The first week of my freshman year, when I was already unimpressed with the food at Portola, my friend introduced me to a hole-in-the-wall gem of a restaurant: Saigon Noodle House. Today, I am five weeks away from graduating, and I still frequent this modest space of the best Vietnamese cuisine for my pho fix.

Before moving to Santa Barbara for college, I was not even aware of the existence of pho. I now know that it is a Vietnamese noodle soup, pronounced “fuh,” and it has become one of my most common cravings.

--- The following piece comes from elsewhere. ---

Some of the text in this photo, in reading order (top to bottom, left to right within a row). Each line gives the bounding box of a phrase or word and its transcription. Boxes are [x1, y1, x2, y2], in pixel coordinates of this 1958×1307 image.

Although we are spoiled with incredible weather in our humble para- dise, Spring Quarter does tend to surprise us with “June Gloom,” and nothing is more comforting than kickin’ it with a steaming bowl of soup on a chilly night.

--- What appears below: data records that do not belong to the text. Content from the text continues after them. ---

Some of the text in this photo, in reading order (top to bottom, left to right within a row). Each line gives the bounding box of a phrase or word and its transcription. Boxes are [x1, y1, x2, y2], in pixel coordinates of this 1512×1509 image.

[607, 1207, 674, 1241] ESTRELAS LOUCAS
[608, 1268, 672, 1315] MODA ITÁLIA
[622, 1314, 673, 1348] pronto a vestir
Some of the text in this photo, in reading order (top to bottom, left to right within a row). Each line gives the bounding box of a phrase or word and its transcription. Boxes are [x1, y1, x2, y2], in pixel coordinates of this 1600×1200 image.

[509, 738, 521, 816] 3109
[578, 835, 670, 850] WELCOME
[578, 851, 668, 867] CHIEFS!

Saigon Noodle House is one of the many establishments to serve pho in the Santa Barbara area, and although Isla Vista is home to its very own Pho Bistro, this restaurant is worth the extra five-minute drive to Goleta.

With a simple yet comprehensive menu, every customer can find food to fit their fancy. Ranging from items for the most adventurous taste buds to the more customary Asian- inspired dishes like chicken fried rice, culinary experts and amateur eaters alike will all leave with a full stomach and an amazed appetite due to the large portion sizes you will devour for not-so-large prices.

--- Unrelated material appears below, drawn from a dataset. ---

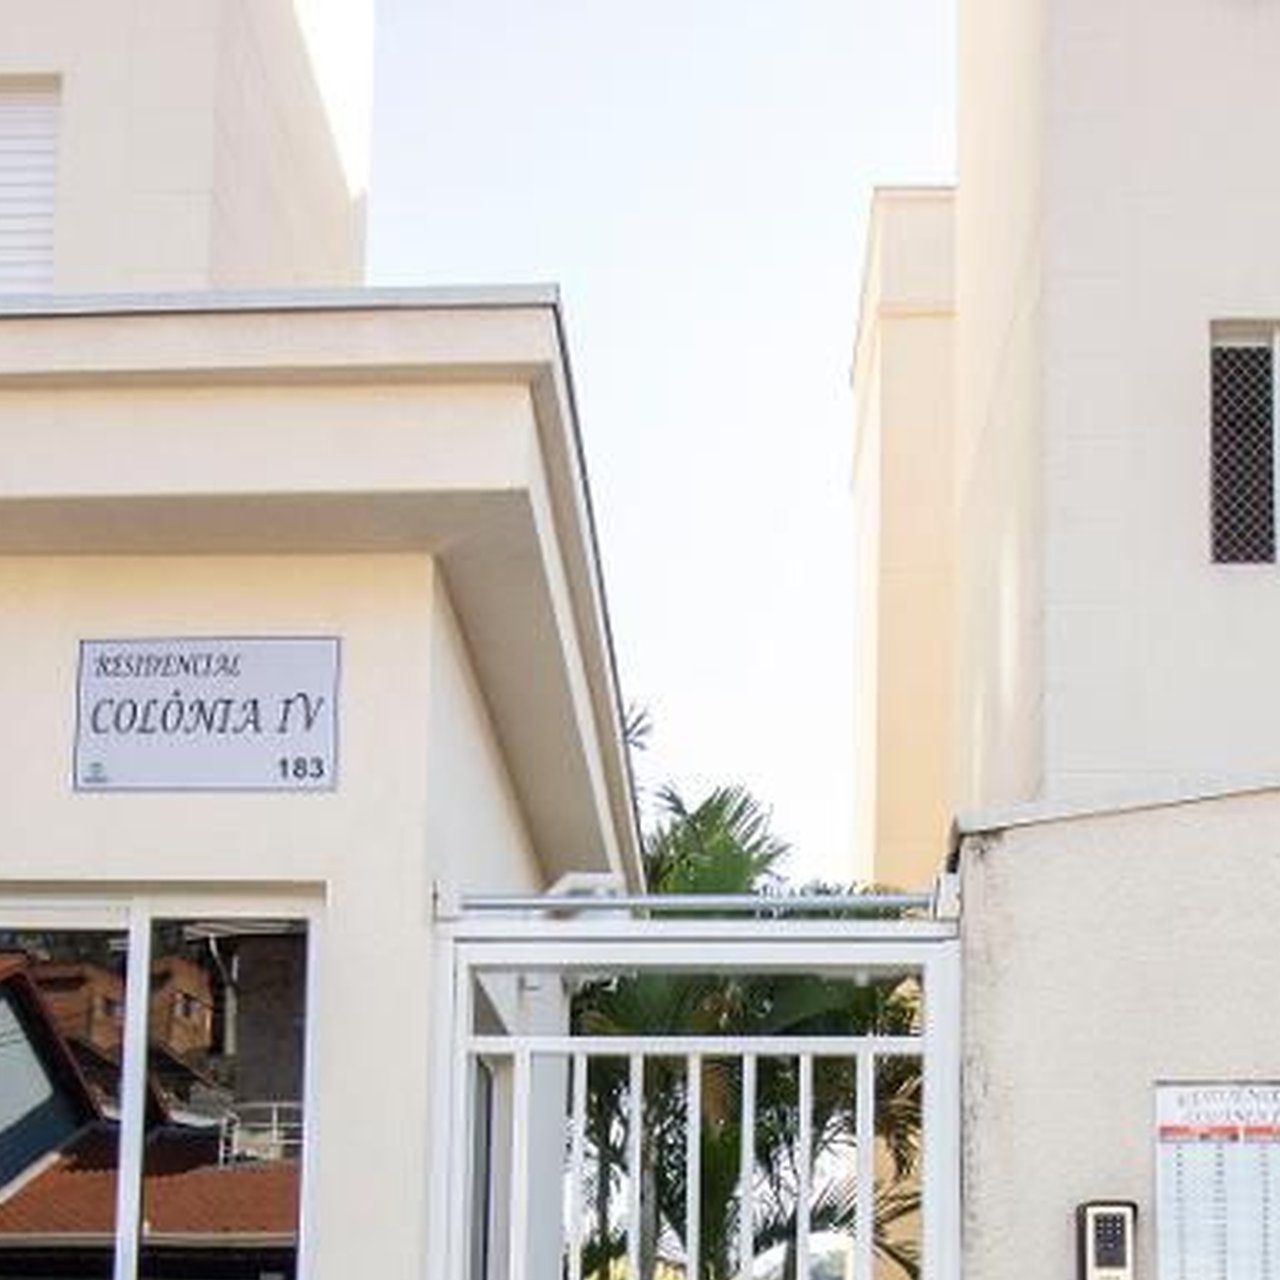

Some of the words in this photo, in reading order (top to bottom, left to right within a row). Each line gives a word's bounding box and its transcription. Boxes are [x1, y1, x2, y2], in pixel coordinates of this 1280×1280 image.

[95, 653, 241, 678] RESIDENCIAL
[91, 688, 262, 735] COLÔNIA
[276, 692, 325, 734] IV
[278, 757, 325, 779] 183

Traditionally, pho is served with beef cuts such as steak, brisket, flank, tendon, tripe or meatballs, but the more westernized selection offers chicken and grilled or fried tofu for eaters with dietary restrictions. Recently ranked No. 28 on CNN’s list of the World’s 50 Most Delicious Foods, the soup has become more well known in the past few years. Besides the piping hot broth, the flavorful bowl is filled with a generous amount of rice noodles, which are the staple component of the dish. Although the soup is

initially served with just broth, noodles and your choice of meat (or none for vegetarians), Saigon serves the dish with a platter of toppings including Asian condiments like spicy Sriracha hot sauce, red chili paste, soy sauce, white ground pepper and hoisin sauce. Other garnishes to finish off your meal including crunchy bean sprouts, juicy limes, sliced green and white onions, sliced jalapeño peppers, along with fresh basil, cilantro and sawtooth herb. All of these items combined create a tangy and flavorful delicacy that you can season to your liking, especially when it comes to spiciness.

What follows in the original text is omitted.